Sur une piste improvisée le long d'une autoroute à Bahreïn, des coureurs s'élancent sur des chars tirés par des ânes, perpétuant une tradition populaire dans le royaume du Golfe, malgré les critiques des défenseurs des animaux.

Le bruit des bâtons en osier fouettant les baudets se mêle aux cris des spectateurs, adossés à un grillage ou assis sur le capot de leurs voitures.

Lorsque 700 mètres plus loin, "Million", un âne donné favori, franchit la ligne d'arrivée, le public laisse éclater sa joie.

La scène se déroule dans le village de Saar, à l'ouest de la capitale Manama, où ces courses attirent des dizaines de participants et de spectateurs chaque semaine.

"Nous attendons le vendredi avec impatience", raconte Yasser Mahdi, un jeune coureur.

Les courses d'ânes, populaires aussi au Pakistan et au Maroc, sont pratiquées depuis des années dans le petit pays du Golfe.

Le Fonds international pour la protection des animaux, une ONG, dénonce toutefois l'organisation de "ce qui semble être une course rudimentaire, n'imposant ni normes ni règles pour protéger les animaux".

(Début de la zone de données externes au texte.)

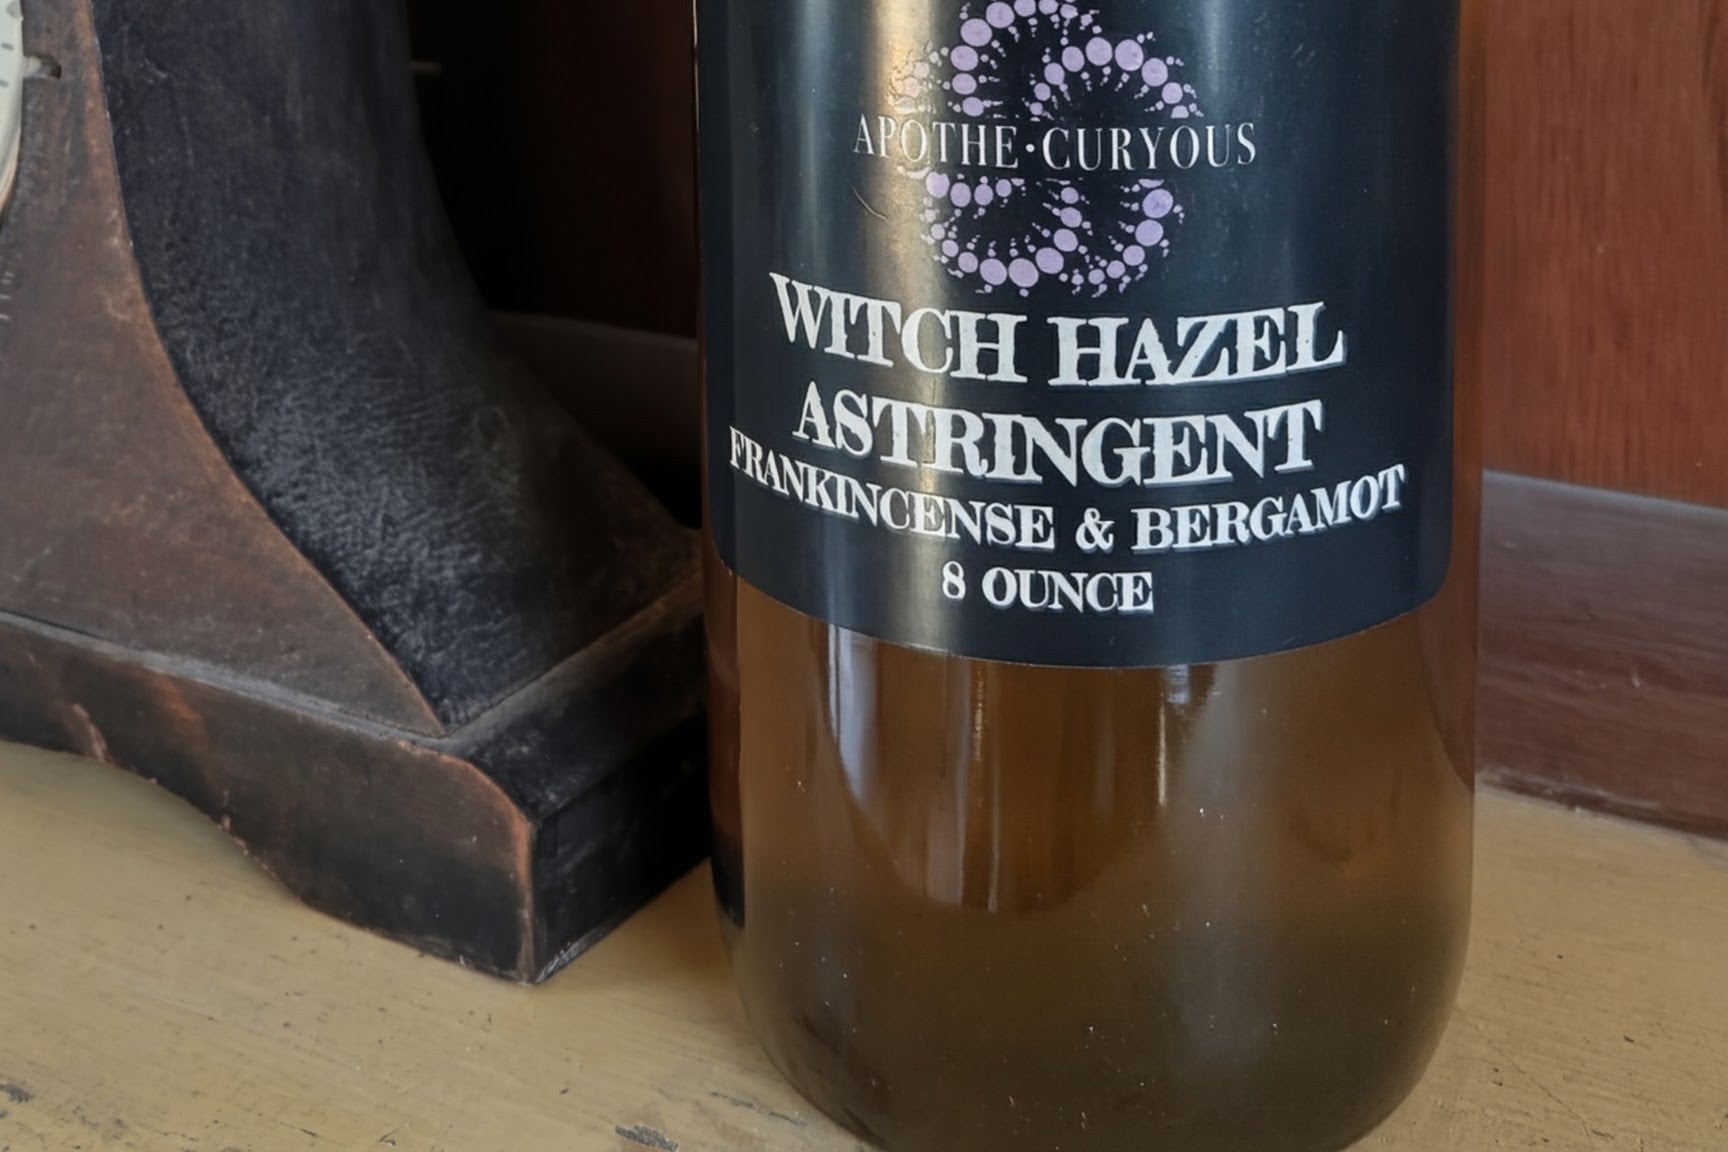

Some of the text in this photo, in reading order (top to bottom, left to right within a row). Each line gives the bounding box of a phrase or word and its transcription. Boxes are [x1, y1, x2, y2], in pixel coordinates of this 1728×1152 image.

[769, 271, 1346, 387] WITCH HAZEL
[729, 425, 1406, 554] FRANKINCENSE & BERGAMOT
[792, 380, 1324, 489] ASTRINGENT
[942, 559, 1154, 614] 8 OUNCE
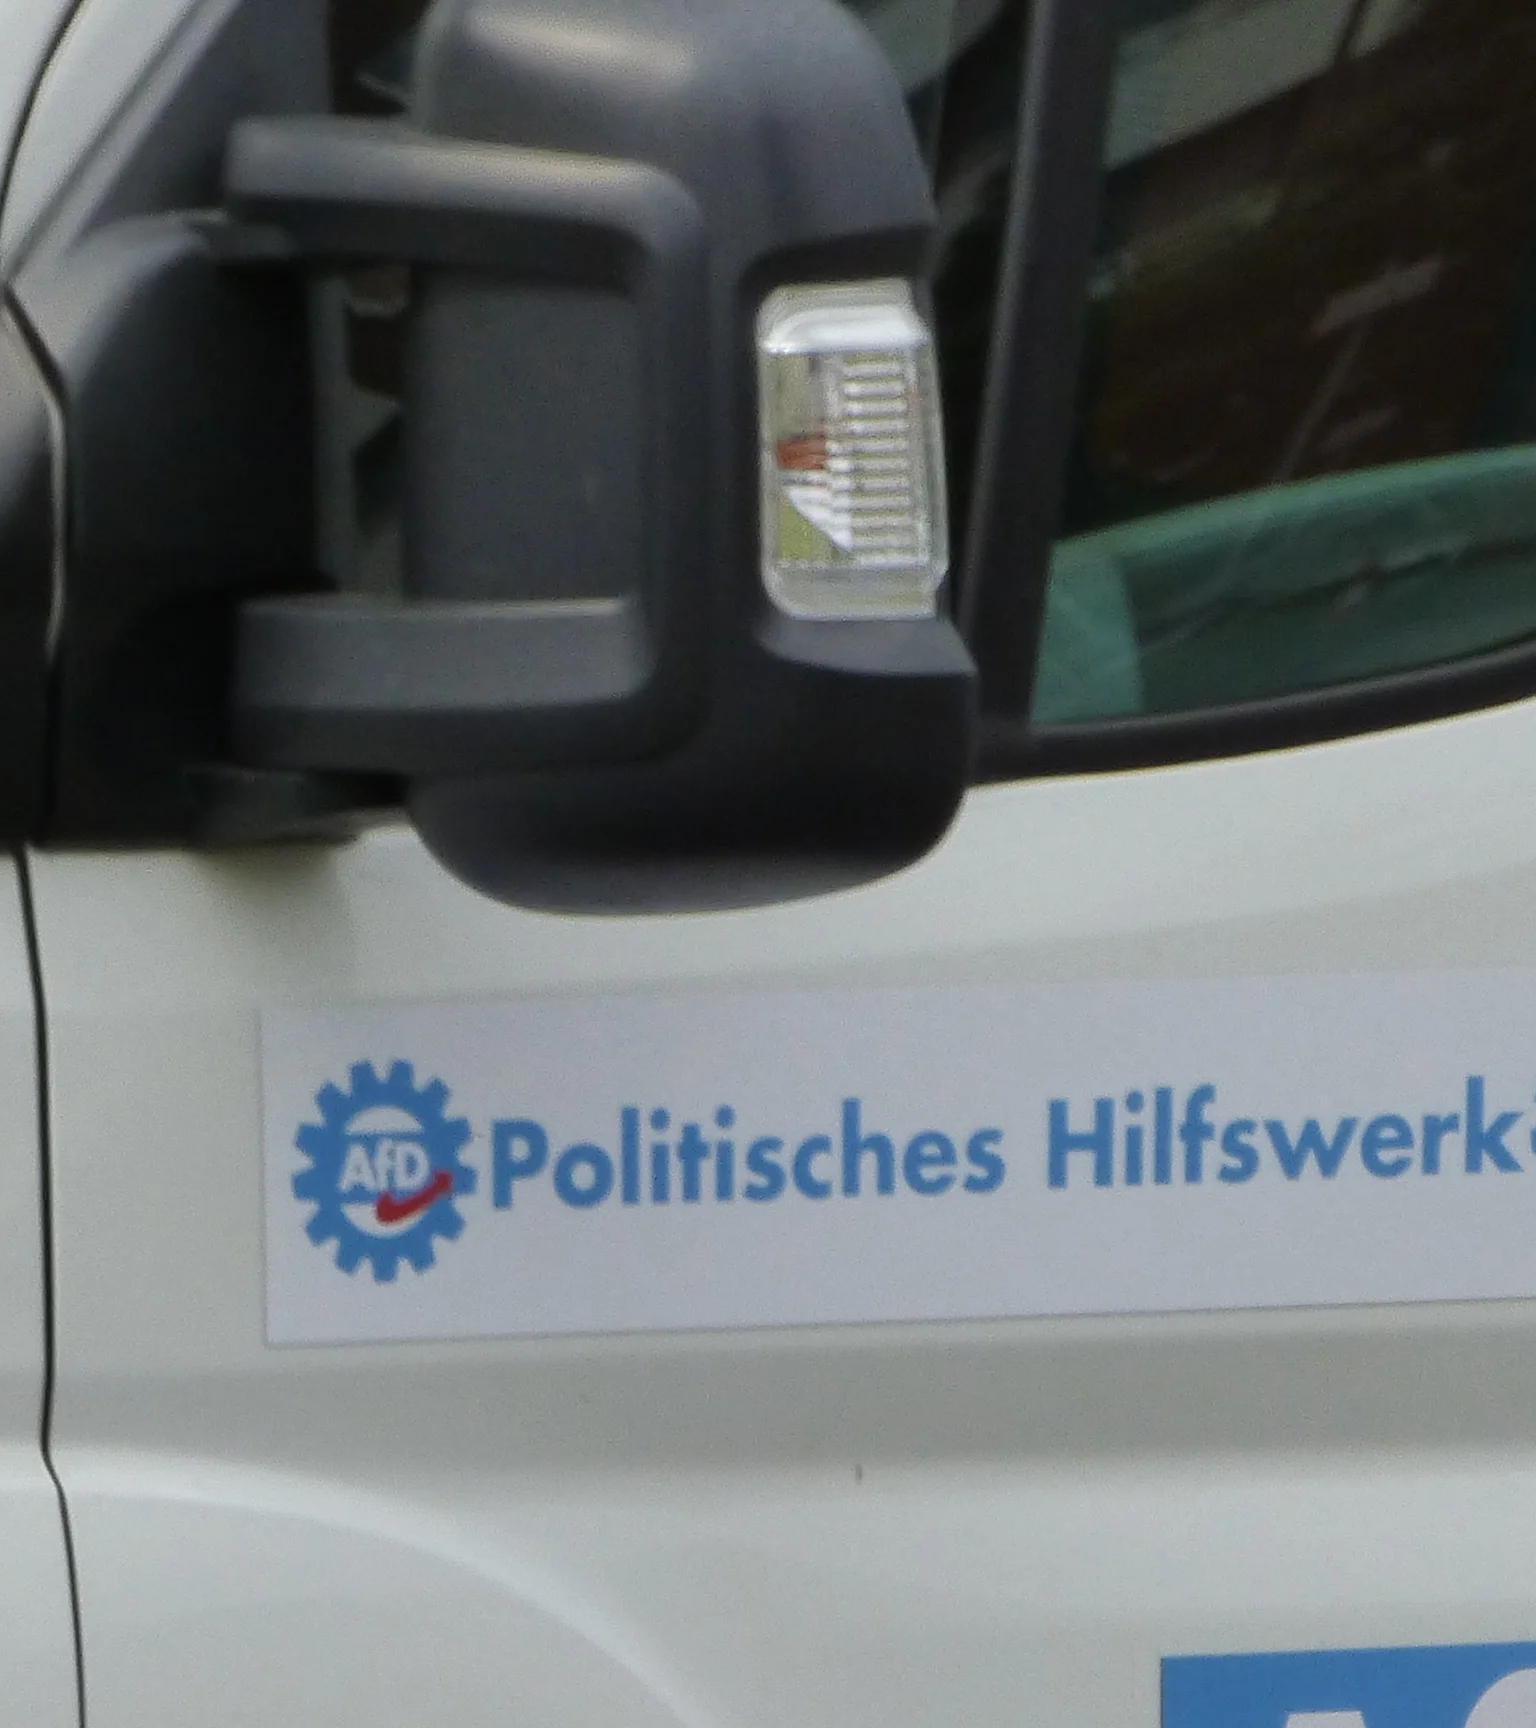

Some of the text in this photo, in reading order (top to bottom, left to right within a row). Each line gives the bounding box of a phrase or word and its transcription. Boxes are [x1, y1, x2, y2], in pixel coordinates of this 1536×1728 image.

[337, 1141, 430, 1194] AfD
[491, 1098, 1006, 1209] Politisches
[1046, 1075, 1524, 1189] Hilfswerk

Rien n'indique que l'événement soit encadré par le gouvernement de Bahreïn, qui dispose pourtant d'une législation sur le bien-être animal, interdisant les courses sans licence et l'utilisation d'une force excessive durant les compétitions, réagit l'organisation dans un mail adressé à l'AFP.

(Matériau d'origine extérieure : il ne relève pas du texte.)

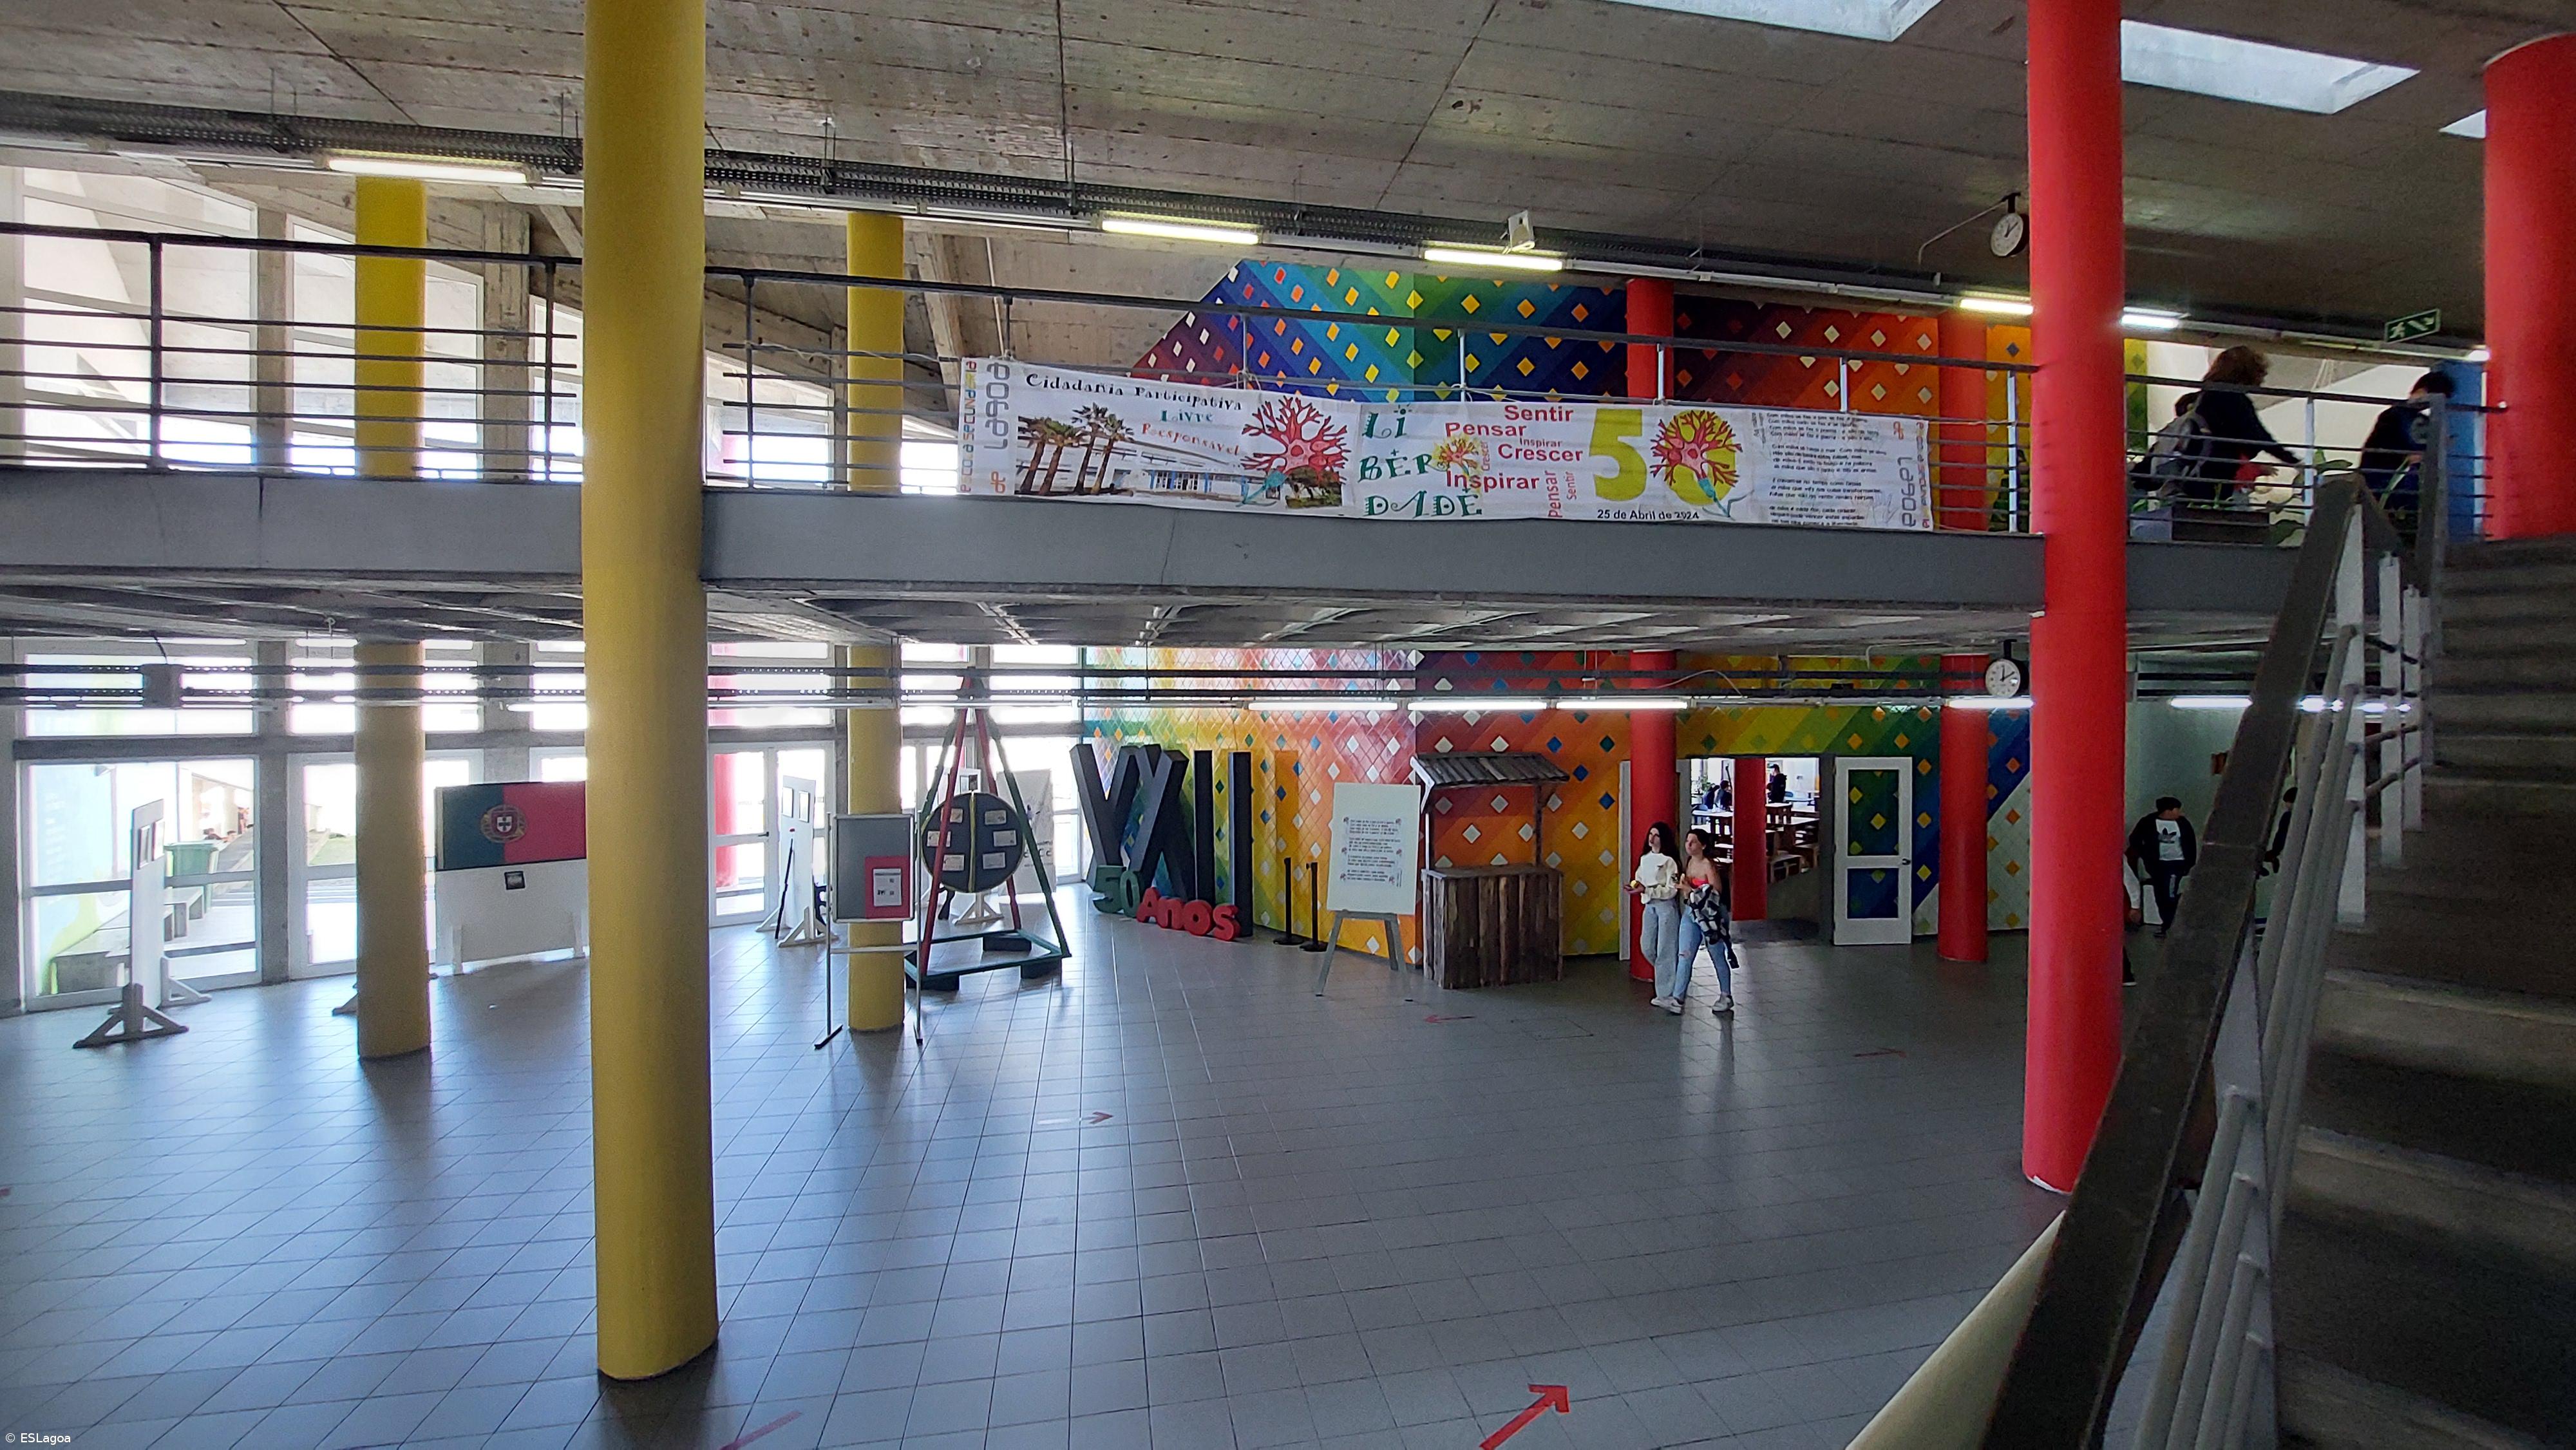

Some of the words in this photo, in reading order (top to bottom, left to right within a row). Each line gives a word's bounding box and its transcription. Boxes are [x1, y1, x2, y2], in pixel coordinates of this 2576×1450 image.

[1026, 373, 1123, 396] Cidadania
[1135, 386, 1242, 410] Participativa
[983, 362, 1010, 449] Lagoa
[1504, 404, 1575, 422] Sentir
[1160, 410, 1214, 423] Livre
[1445, 422, 1527, 438] Pensar
[1497, 442, 1584, 462] Crescer
[1519, 437, 1563, 448] Inspirar
[1589, 408, 1738, 505] 50
[1446, 470, 1540, 493] Inspirar
[1897, 457, 1917, 527] Lagoa
[1597, 509, 1611, 520] 25
[1613, 509, 1626, 520] de
[1629, 509, 1656, 520] Abril
[1658, 511, 1672, 520] de
[1092, 864, 1141, 918] 50

"Les justifications qu'on entend toujours est qu'il s'agit de pratiques traditionnelles", mais cela ne peut pas être considéré comme une raison "acceptable", ajoute-t-elle.

Gratuites, les courses de Saar sont souvent sponsorisées par des entreprises locales.

Les vainqueurs se voient offrir un trophée, accompagné parfois d'une récompense financière.

Les coureurs peuvent concourir dans l'une des trois catégories existantes --débutant, intermédiaire ou avancé-- avec un maximum de dix ânes sur la ligne de départ.

"La course est amusante, et nous faisons toujours en sorte d'y assister ou d'y participer", affirme Jaafar Saleh, un coureur d'une vingtaine d'années, en espérant que ces événements "continueront à se développer".